From the line containing "Some of the words" through the last line below, copy every line exactly, leaving out the pictures.

Records supplied.
+===+
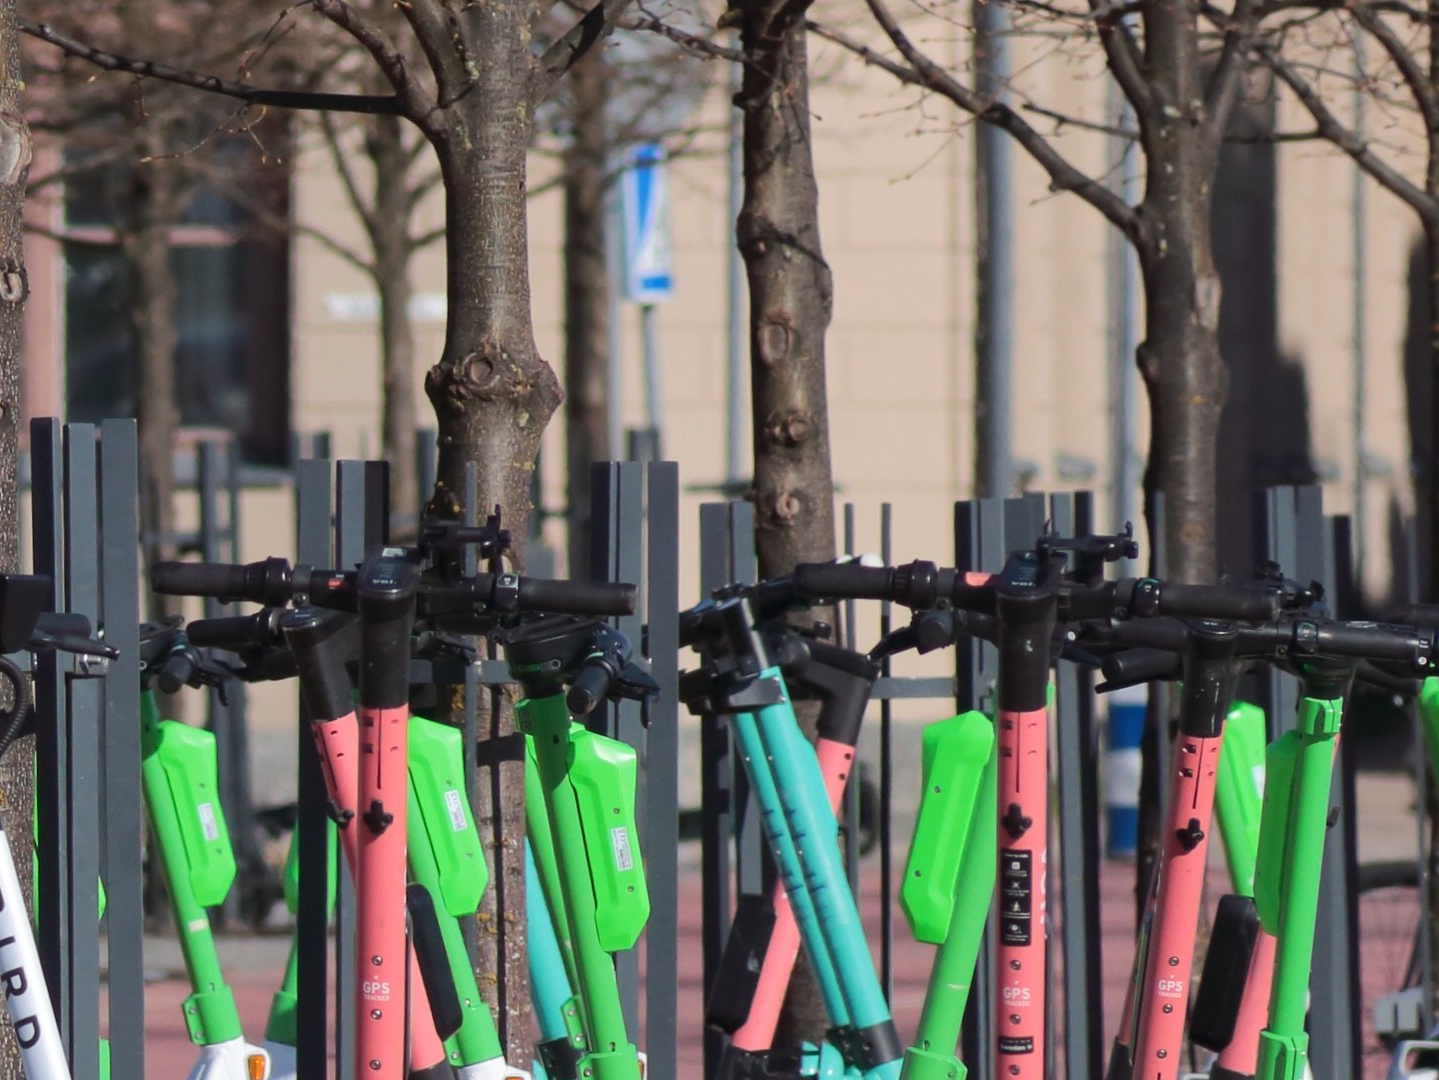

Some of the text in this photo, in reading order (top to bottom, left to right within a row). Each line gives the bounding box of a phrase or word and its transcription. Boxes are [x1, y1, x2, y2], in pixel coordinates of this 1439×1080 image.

[363, 981, 390, 994] GPS
[1158, 980, 1183, 992] GPS
[1003, 986, 1031, 1000] GPS
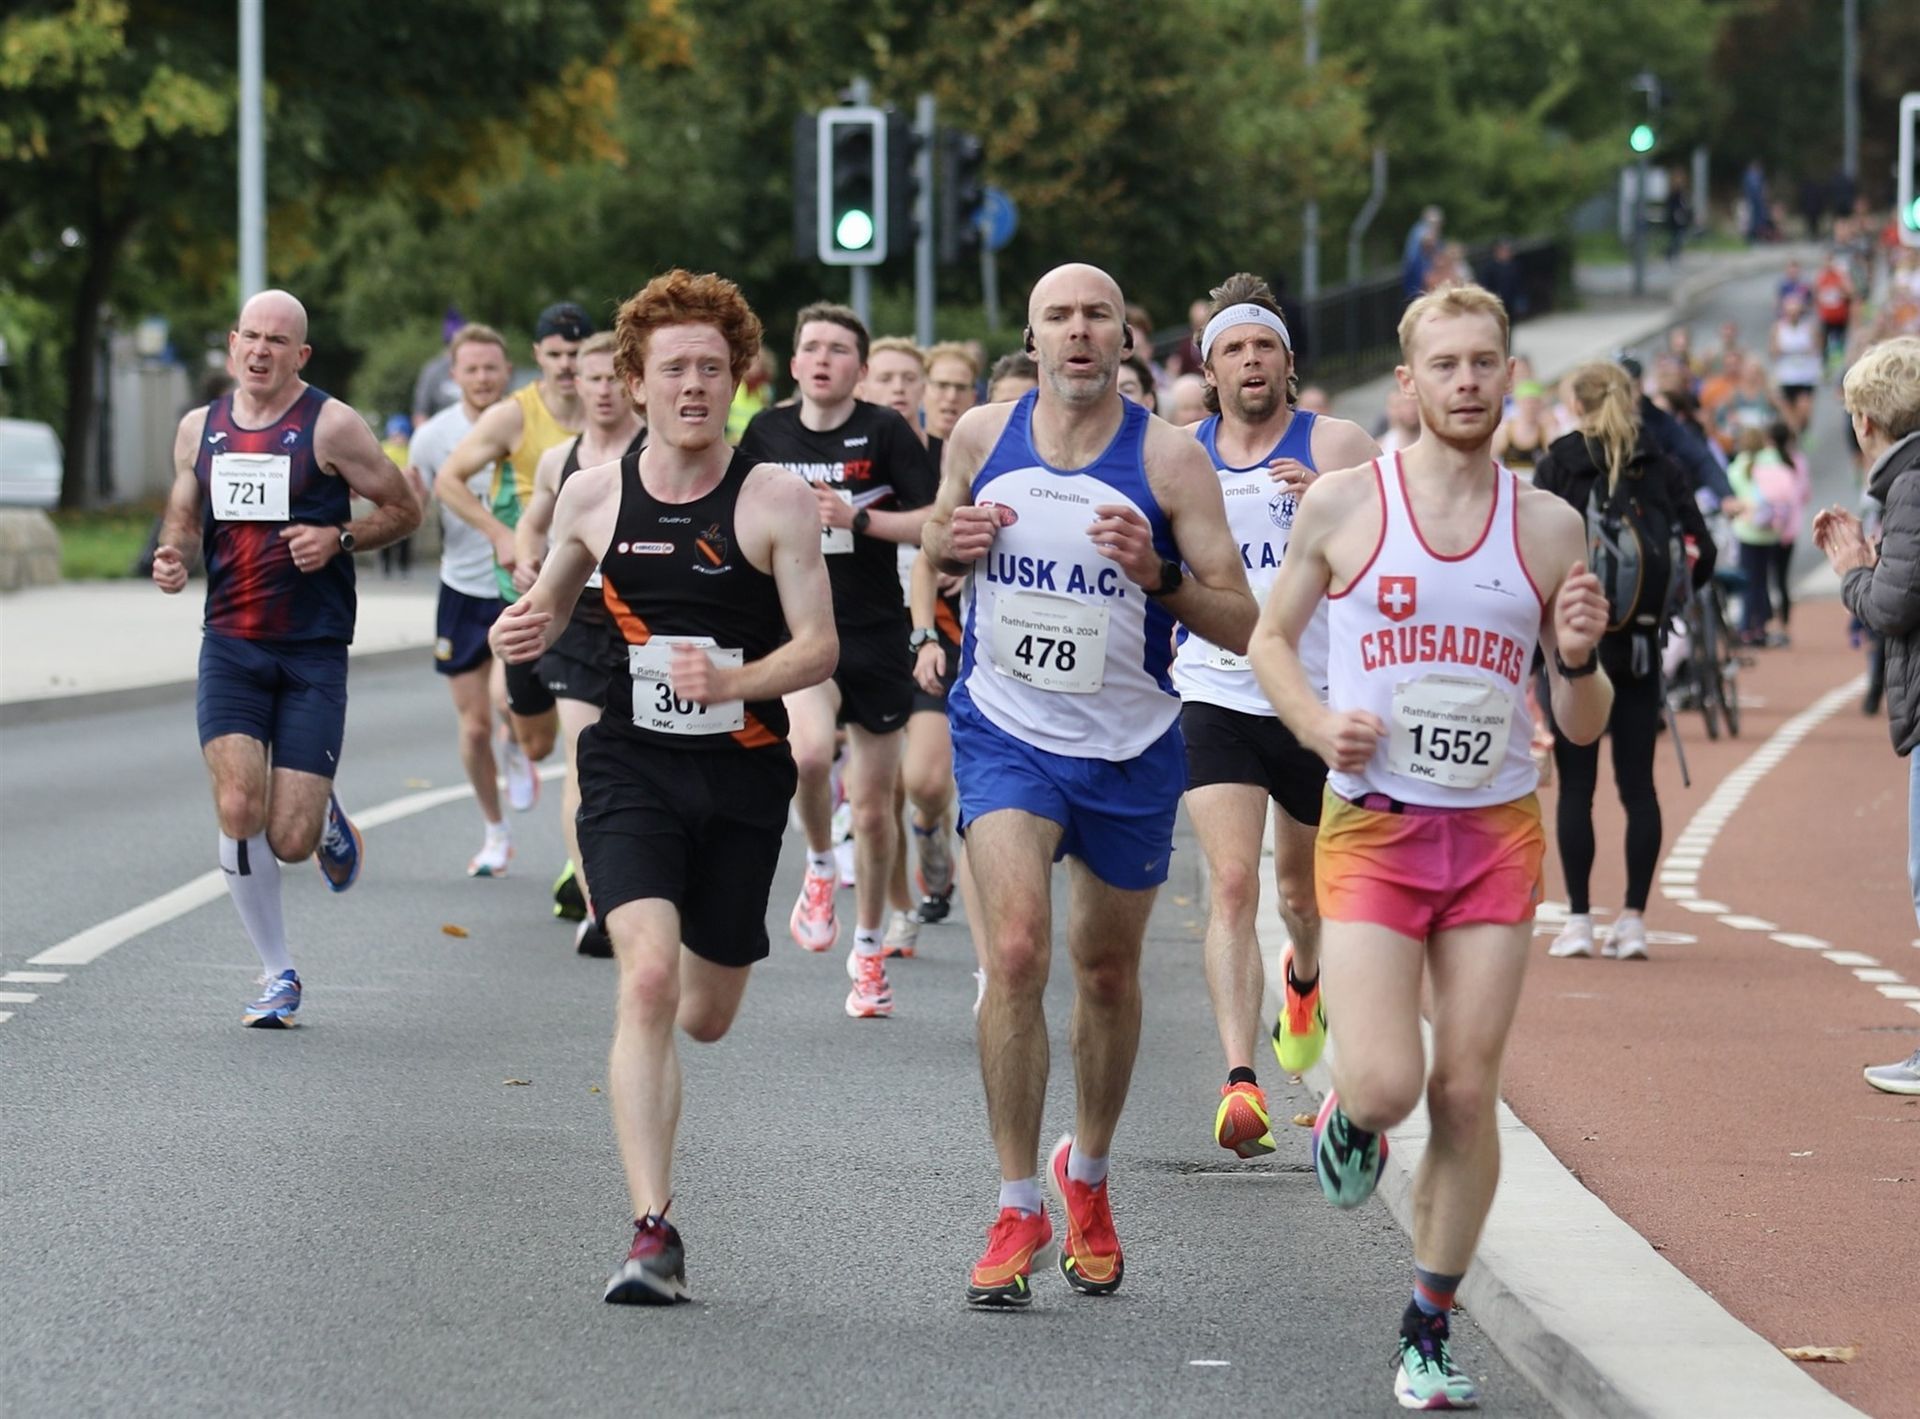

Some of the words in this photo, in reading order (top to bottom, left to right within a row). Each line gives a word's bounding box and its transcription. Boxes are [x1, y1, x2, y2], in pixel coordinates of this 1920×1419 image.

[228, 482, 265, 505] 721
[1029, 487, 1090, 505] O'Neills
[1224, 484, 1261, 497] oneills
[986, 551, 1058, 592] LUSK
[1066, 563, 1125, 598] A.C.
[1001, 615, 1060, 633] Rathfarnham
[1062, 626, 1074, 635] 5k
[1076, 627, 1099, 636] 2024
[1015, 634, 1076, 672] 478
[1220, 657, 1236, 667] DNG
[1360, 624, 1524, 686] CRUSADERS
[1012, 668, 1033, 682] DNG
[1402, 705, 1468, 722] Rathfarnham
[651, 718, 675, 730] DNG
[1408, 724, 1491, 766] 1552
[1410, 762, 1436, 778] DNG
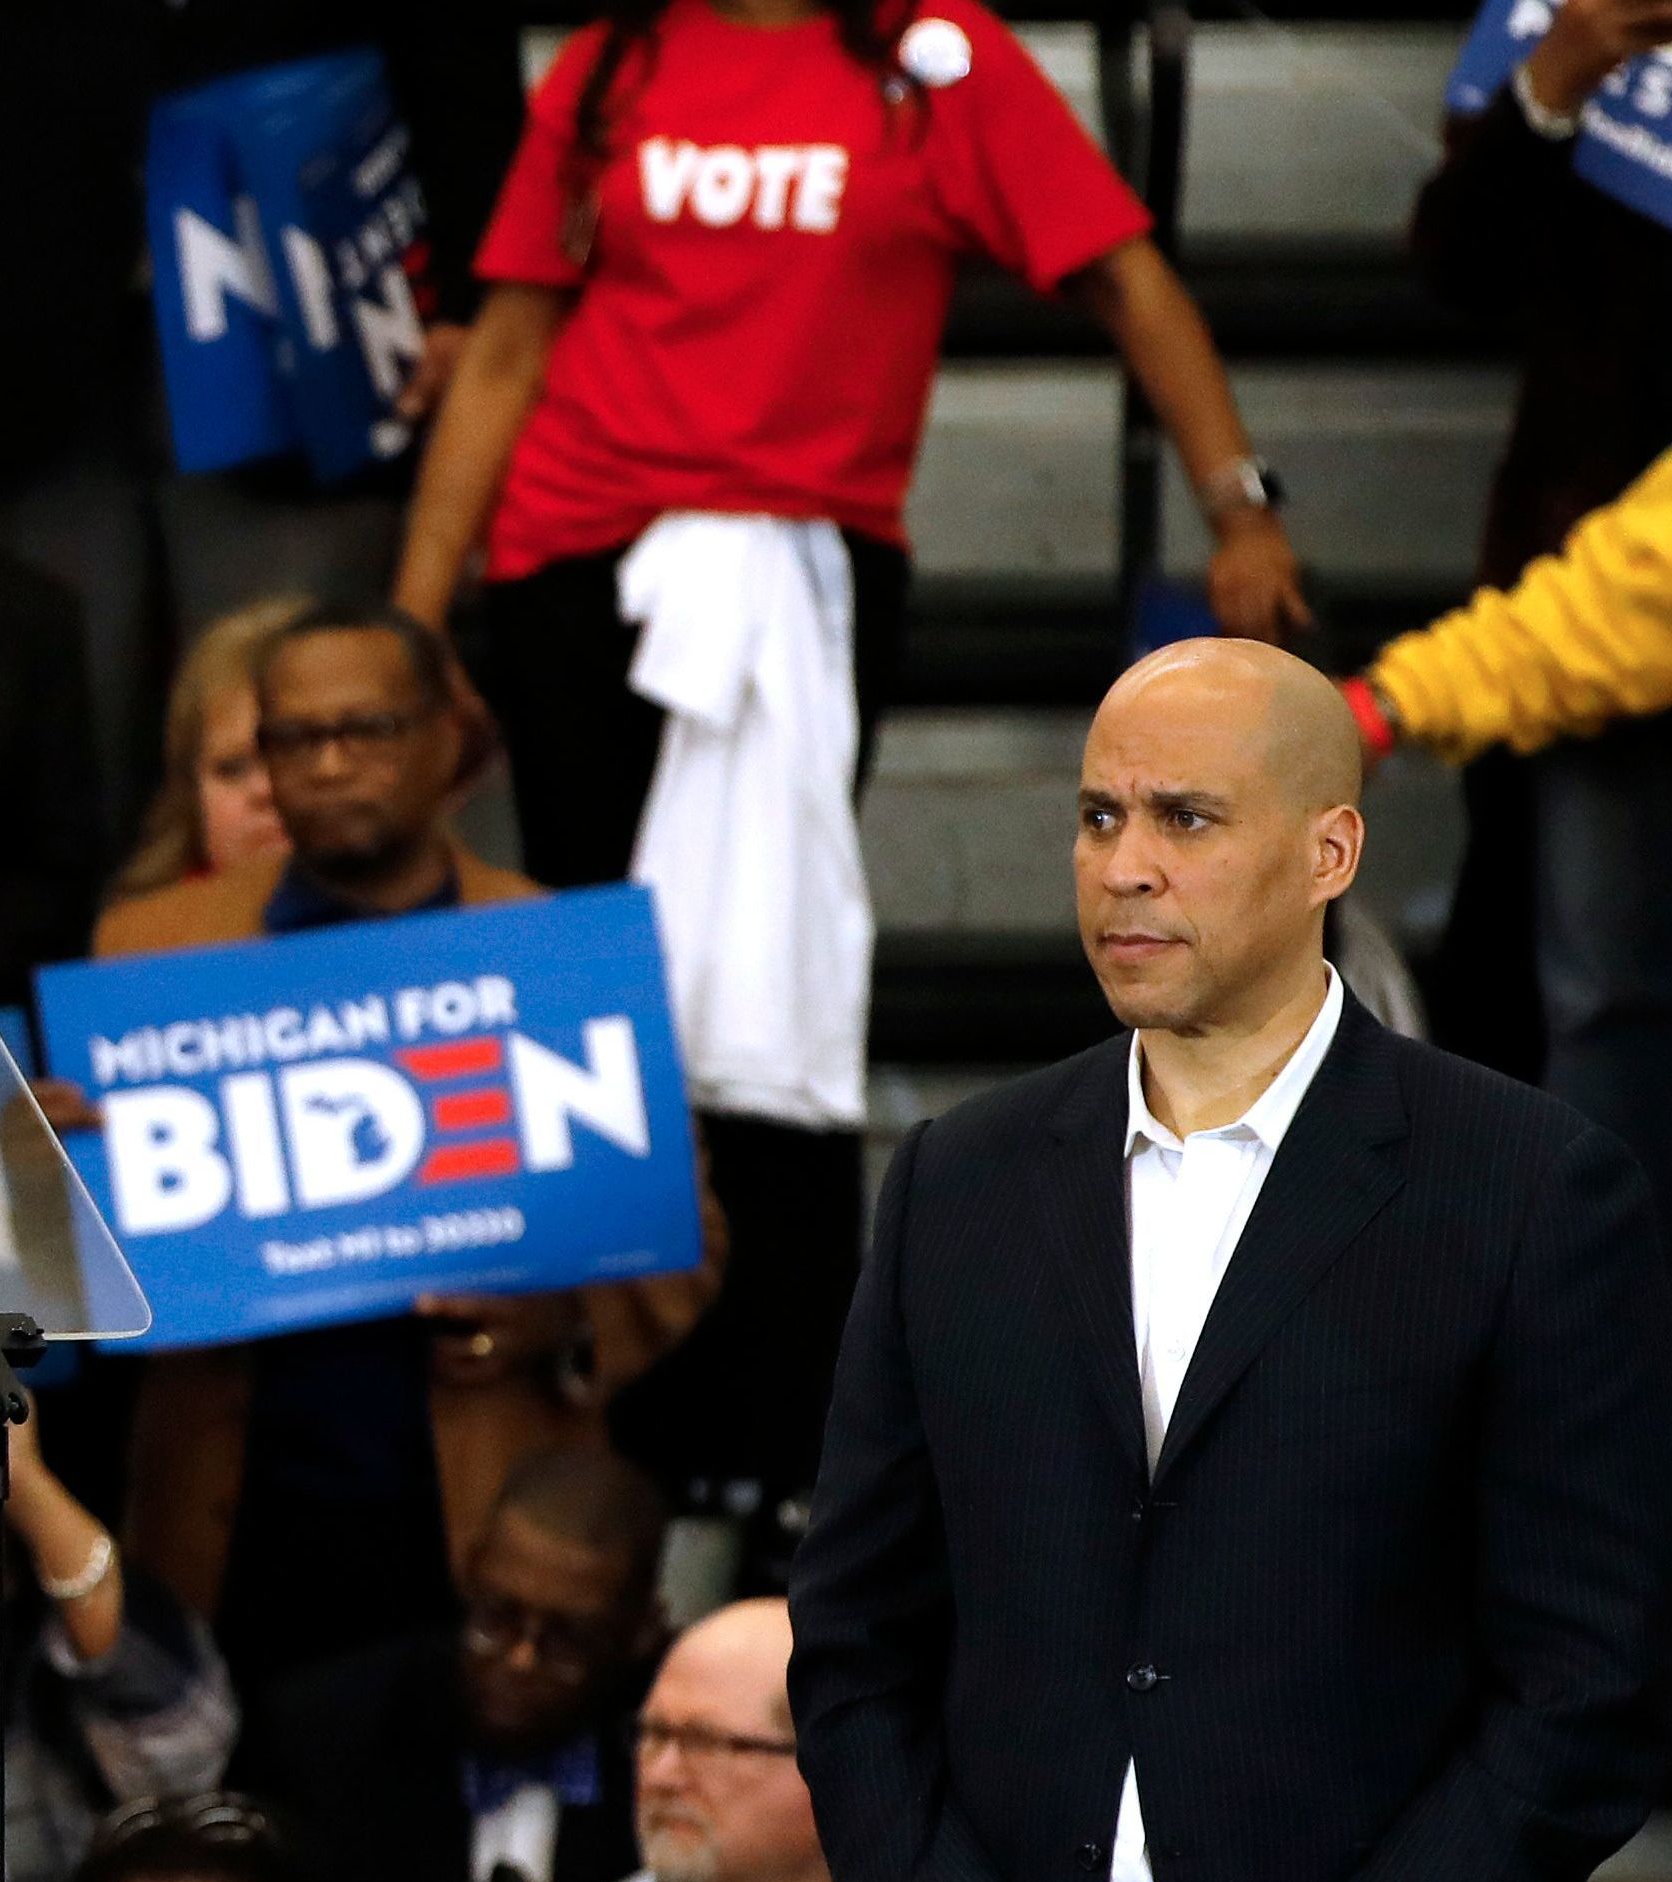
+===+
Result.
Some of the words in this photo, in reading order (top to bottom, left to right within a row). Each line gives a word's bounding box and its transcription. Boxes are [x1, y1, x2, y2], in pixel coordinates of this 1920×1419 image.

[228, 482, 265, 505] 721
[1029, 487, 1090, 505] O'Neills
[1224, 484, 1261, 497] oneills
[986, 551, 1058, 592] LUSK
[1066, 563, 1125, 598] A.C.
[1001, 615, 1060, 633] Rathfarnham
[1062, 626, 1074, 635] 5k
[1076, 627, 1099, 636] 2024
[1015, 634, 1076, 672] 478
[1220, 657, 1236, 667] DNG
[1360, 624, 1524, 686] CRUSADERS
[1012, 668, 1033, 682] DNG
[1402, 705, 1468, 722] Rathfarnham
[651, 718, 675, 730] DNG
[1408, 724, 1491, 766] 1552
[1410, 762, 1436, 778] DNG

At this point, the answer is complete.